--- Data section Enclosed Below ---

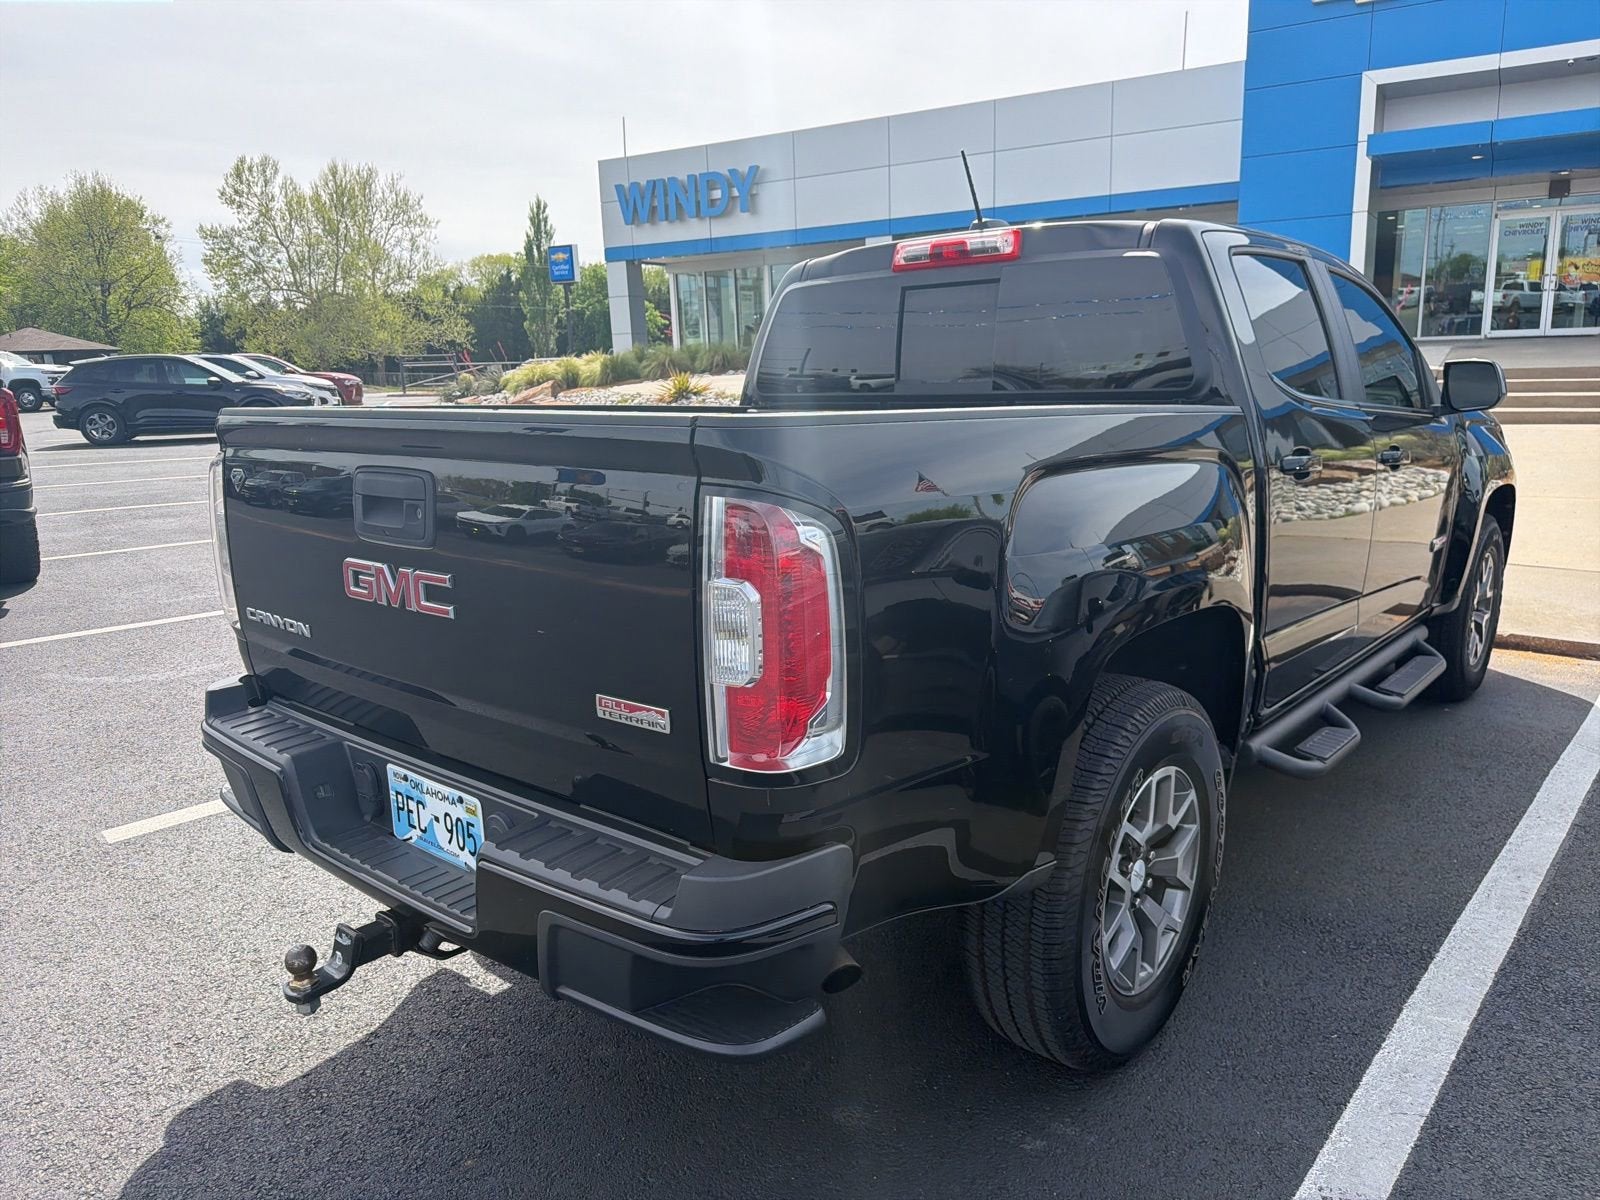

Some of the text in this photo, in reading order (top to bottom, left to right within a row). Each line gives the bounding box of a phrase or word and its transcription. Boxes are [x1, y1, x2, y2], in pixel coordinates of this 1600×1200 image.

[614, 164, 760, 226] WINDY
[1504, 228, 1545, 237] CHEVROLET
[1519, 221, 1545, 229] WINDY
[342, 557, 455, 620] GMC
[246, 606, 312, 639] CANYON
[600, 709, 667, 731] TERRAIN
[601, 699, 630, 713] ALL
[409, 778, 458, 808] OKLAHOMA
[395, 790, 478, 857] PEC 905

--- End of Enclosed Data section ---

▸ **Work instruction**: Without any of the pictures, repeat the entries above word for word.

▸ **Response below**:
Some of the text in this photo, in reading order (top to bottom, left to right within a row). Each line gives the bounding box of a phrase or word and its transcription. Boxes are [x1, y1, x2, y2], in pixel coordinates of this 1600×1200 image.

[614, 164, 760, 226] WINDY
[1504, 228, 1545, 237] CHEVROLET
[1519, 221, 1545, 229] WINDY
[342, 557, 455, 620] GMC
[246, 606, 312, 639] CANYON
[600, 709, 667, 731] TERRAIN
[601, 699, 630, 713] ALL
[409, 778, 458, 808] OKLAHOMA
[395, 790, 478, 857] PEC 905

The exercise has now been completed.